Dorothy & Toto on the RunBut distractions only distract for so long.  When I was in my 20s, I moved to the Boston area (which, of course, recently experienced another kind of monster).  Down the street, the Somerville Theatre gave me the chance to finally see the famous 1939 film version of The Wizard of Oz on the big screen!  I had grown up with this movie, mostly watching it in black & white.  My father — one of the first on his block to have TV in the early 1950s — took forever to make the transition to color television.  But, as I sat in that movie theater, it wasn’t Judy Garland’s journey into Technicolor that affected me most.  It wasn’t even seeing those demonic flying monkeys projected ten-feet tall.

It was the tornado scene.  Nightmarish memories.  Sweaty palms.  An urge to seek shelter.  I had journeyed all the way into New England, but it wasn’t far enough for me to escape the monster of the Midwest.

Then I journeyed back.  Wisconsin first, but then into Oklahoma.  Into Tornado Alley’s express lane.

During this week’s local news stories of tragedy and loss and destruction and survival and reunion and resilience, I came up with an idea for a story of my own.  A fictional story — maybe a short story.  Maybe an audio drama?  Anyway, it involves a group of characters traveling from California to Oklahoma — catch that nod to Steinbeck? — to film a low-budget zombie movie.  Let’s say the zombie plague is an aftereffect of crops genetically engineered by the Malsatan Corporation.  (Any resemblance between Malsatan Corp. and any real agricultural corporation that’s frankensteining your side dishes is purely coincidental.)

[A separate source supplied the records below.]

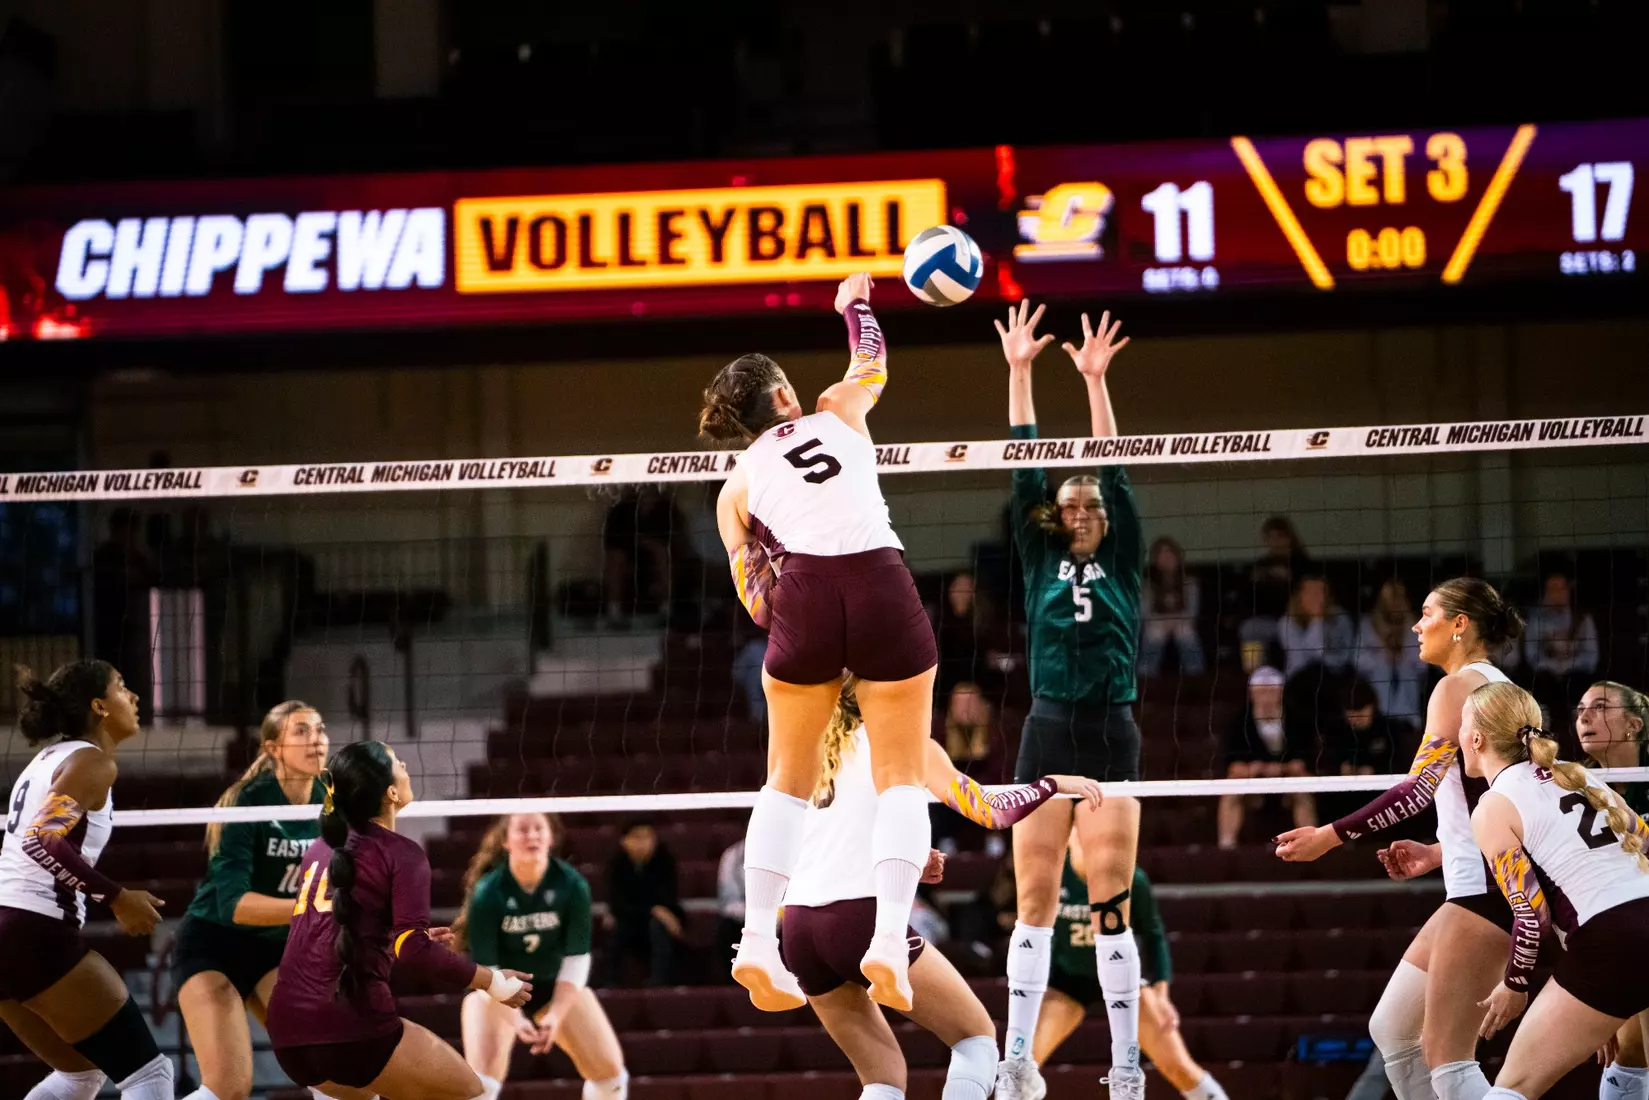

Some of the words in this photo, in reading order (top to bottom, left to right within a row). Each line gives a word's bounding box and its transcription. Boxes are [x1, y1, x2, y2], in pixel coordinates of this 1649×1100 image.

[1303, 135, 1413, 208] SET
[1427, 132, 1468, 202] 3
[1142, 180, 1215, 263] 11
[1559, 161, 1634, 242] 17
[55, 207, 445, 300] CHIPPEWA
[478, 198, 906, 273] VOLLEYBALL
[1347, 226, 1426, 270] 0:00
[1002, 440, 1075, 461] CENTRAL
[1080, 437, 1166, 459] MICHIGAN
[1171, 433, 1272, 455] VOLLEYBALL
[1365, 427, 1441, 447] CENTRAL
[1446, 422, 1534, 445] MICHIGAN
[1538, 417, 1645, 440] VOLLEYBALL
[14, 474, 100, 494] MICHIGAN
[103, 470, 202, 491] VOLLEYBALL
[293, 467, 365, 485] CENTRAL
[370, 463, 454, 483] MICHIGAN
[457, 459, 556, 480] VOLLEYBALL
[647, 454, 719, 474] CENTRAL
[782, 437, 842, 484] 5
[1072, 585, 1093, 622] 5
[7, 779, 31, 834] 9
[1366, 767, 1441, 832] CHIPPEWAS
[1559, 792, 1619, 849] 2
[522, 933, 541, 954] 7
[1508, 891, 1540, 971] CHIPPEWAS
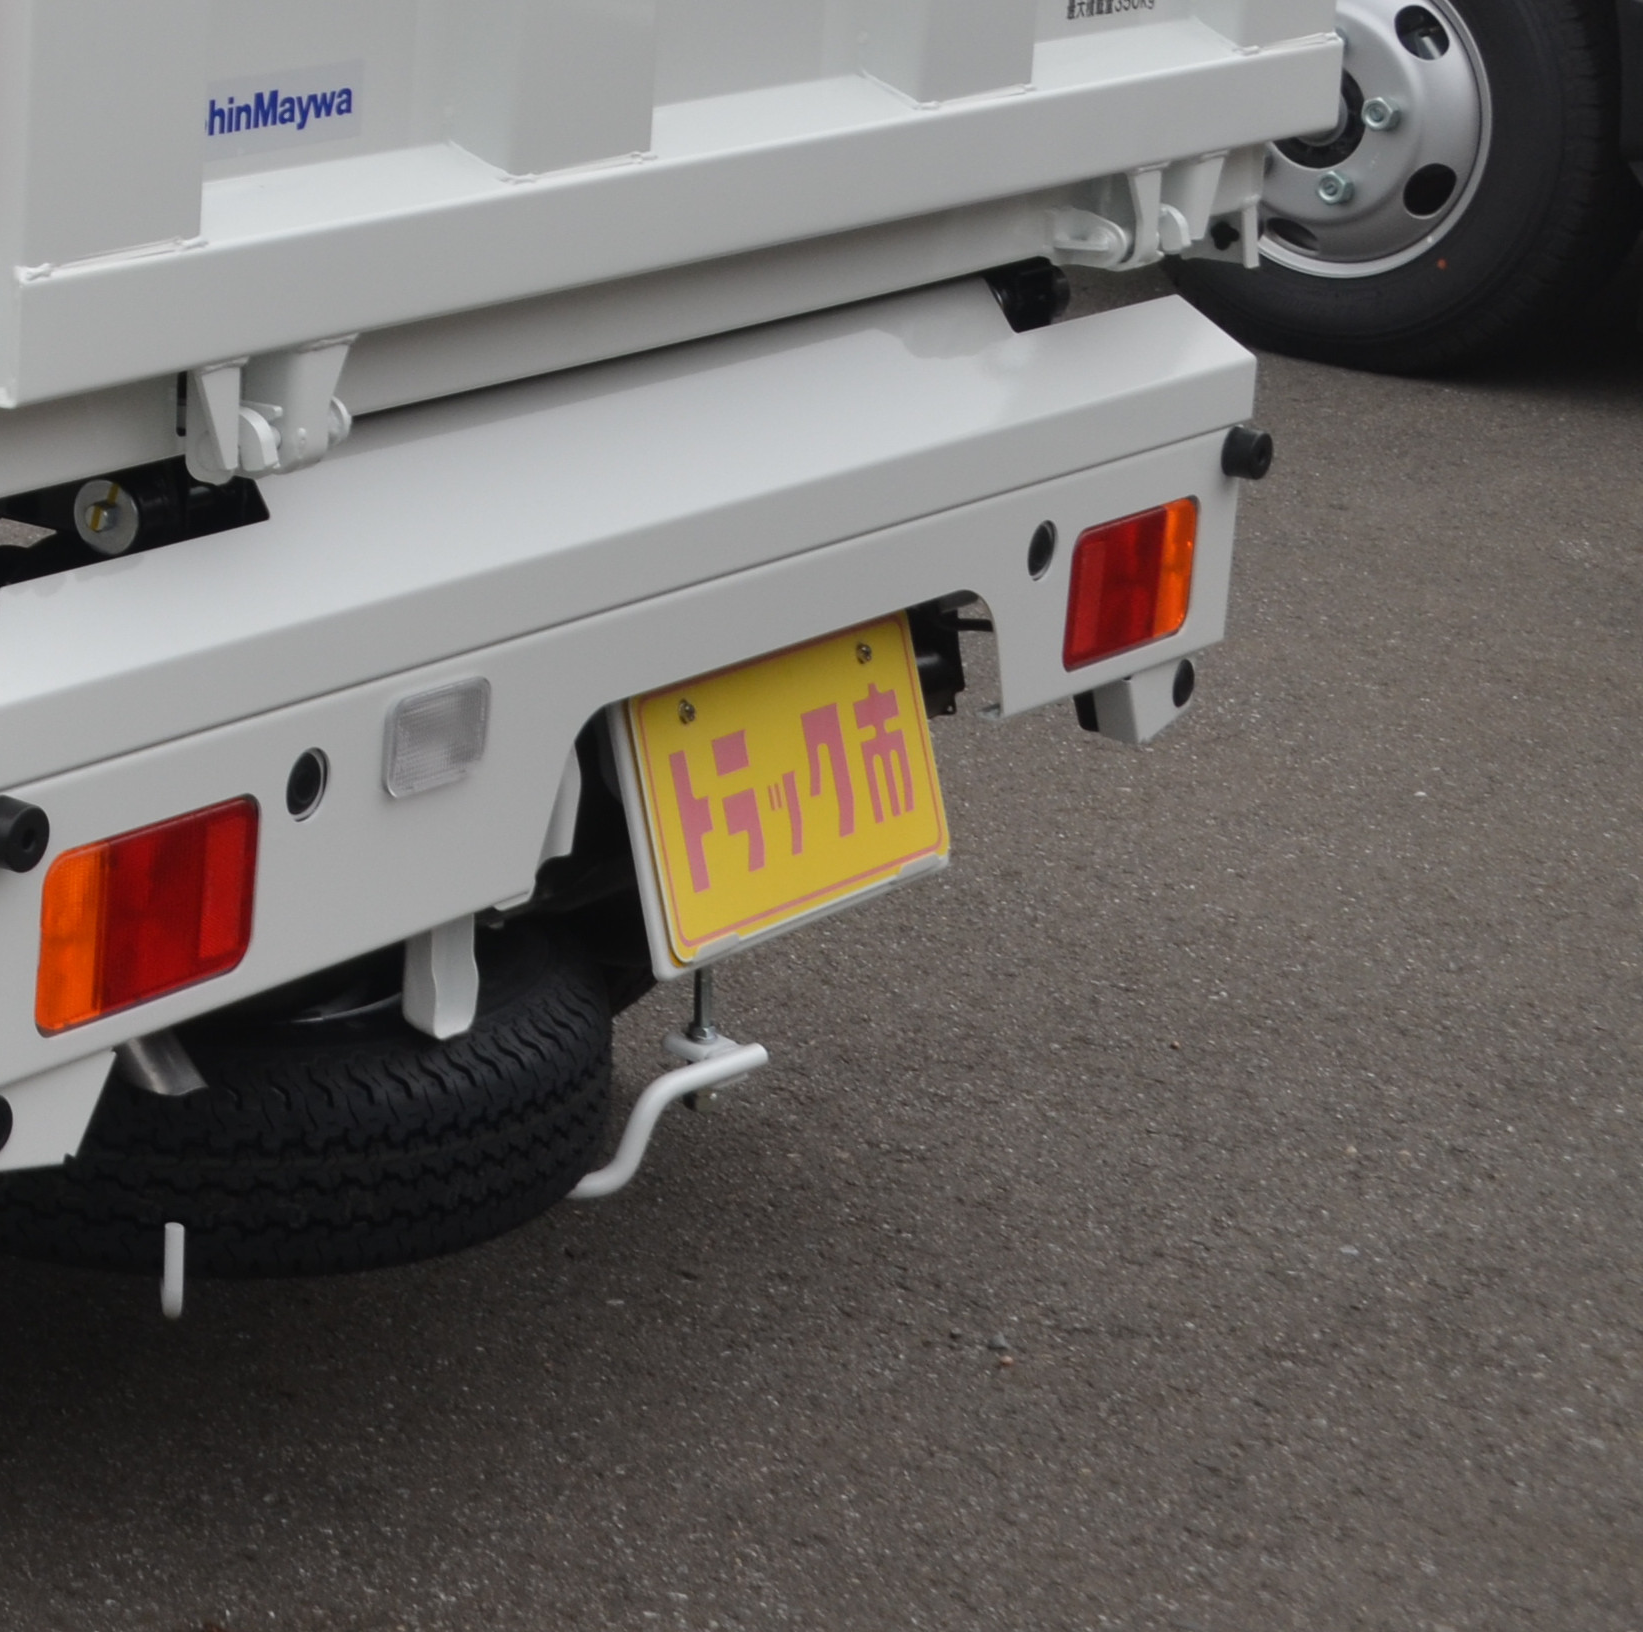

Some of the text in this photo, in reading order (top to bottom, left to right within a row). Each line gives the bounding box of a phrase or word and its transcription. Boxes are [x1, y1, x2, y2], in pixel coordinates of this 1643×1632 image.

[205, 88, 353, 136] hinMaywa
[668, 682, 915, 894] トラック市
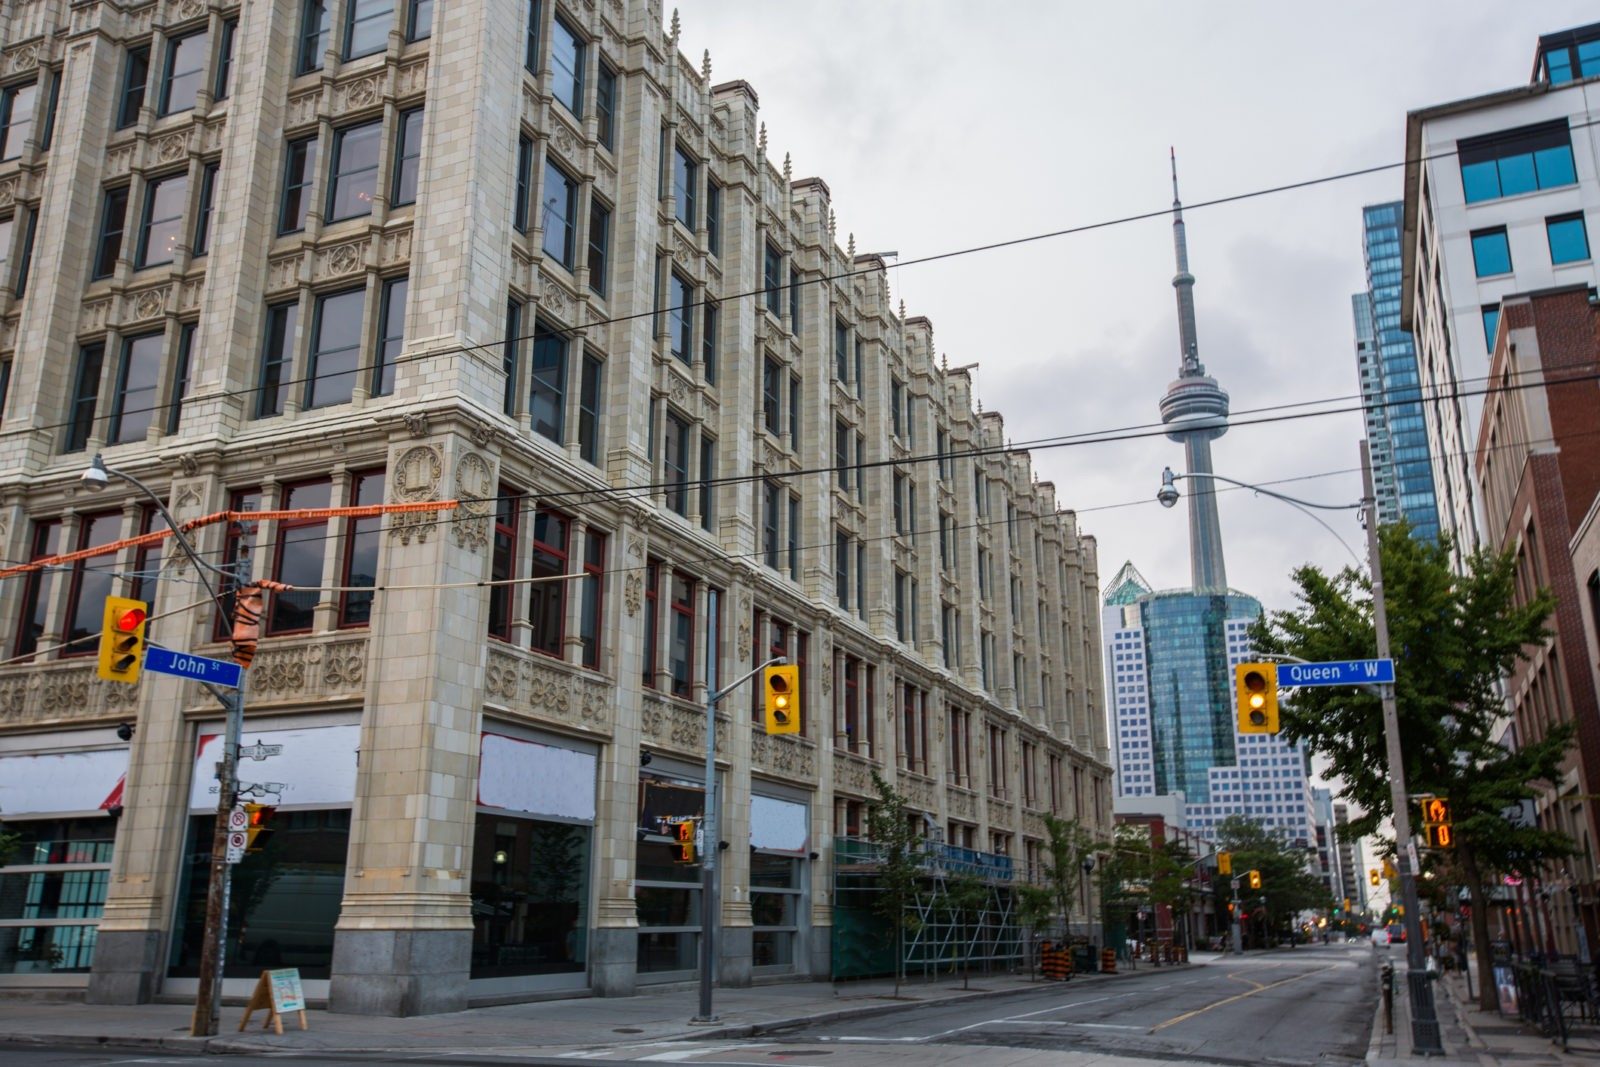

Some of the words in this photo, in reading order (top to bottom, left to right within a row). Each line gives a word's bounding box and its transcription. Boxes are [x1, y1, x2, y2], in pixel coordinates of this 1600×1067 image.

[169, 654, 206, 674] John
[212, 662, 220, 671] St
[1291, 665, 1340, 681] Queen
[1348, 662, 1359, 672] St
[1364, 662, 1378, 677] W
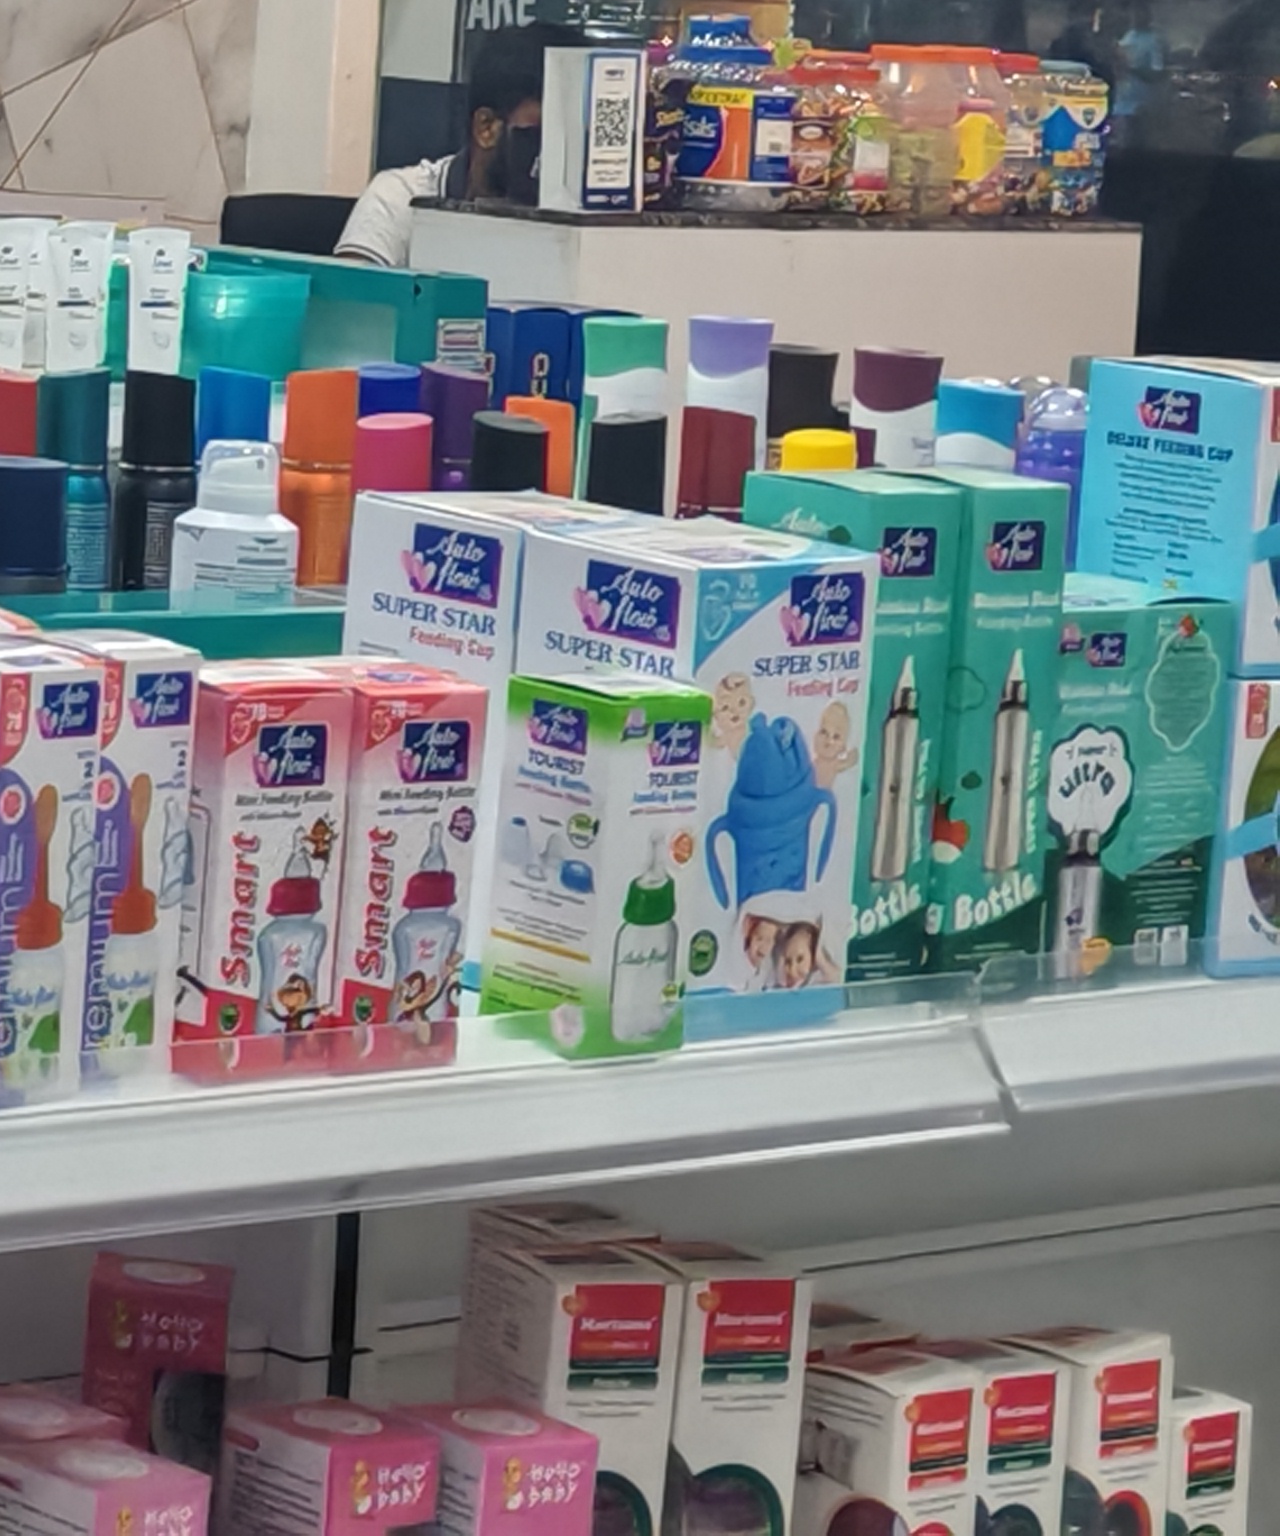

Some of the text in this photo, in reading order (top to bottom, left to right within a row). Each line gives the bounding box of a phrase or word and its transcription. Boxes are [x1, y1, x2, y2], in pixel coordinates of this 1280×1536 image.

Almost right away, a major tornado strikes!  Once the skies begin to clear, our zombie-movie cast and crew are drawn into the rescue efforts.  For example, they learn that the search through the rubble for survivors will have to be postponed due to the sun going down, so they offer their lights.  The actors organize a fundraiser variety show.  The make-up artist helps kids enjoy their bruised and bloodied faces by turning them into three-foot zombies that go stomping around the hospital.  Along the way, the filmmakers learn that the stereotypes about Midwesterners don’t hold up.  And the Midwesterners learn that stereotypes about people from the West Coast — well, stereotypes aren’t always inaccurate.

In the end, what little budget there was for the film is gone.  The zombie movie is never made, but the cast and crew have experienced a very different kind of monster.  Sure, a monster that’s far less trendy and profitable than zombies.  But one that’s far more real.

At its core, you see, it would be a story about growing up.  A semi-autobiographical story.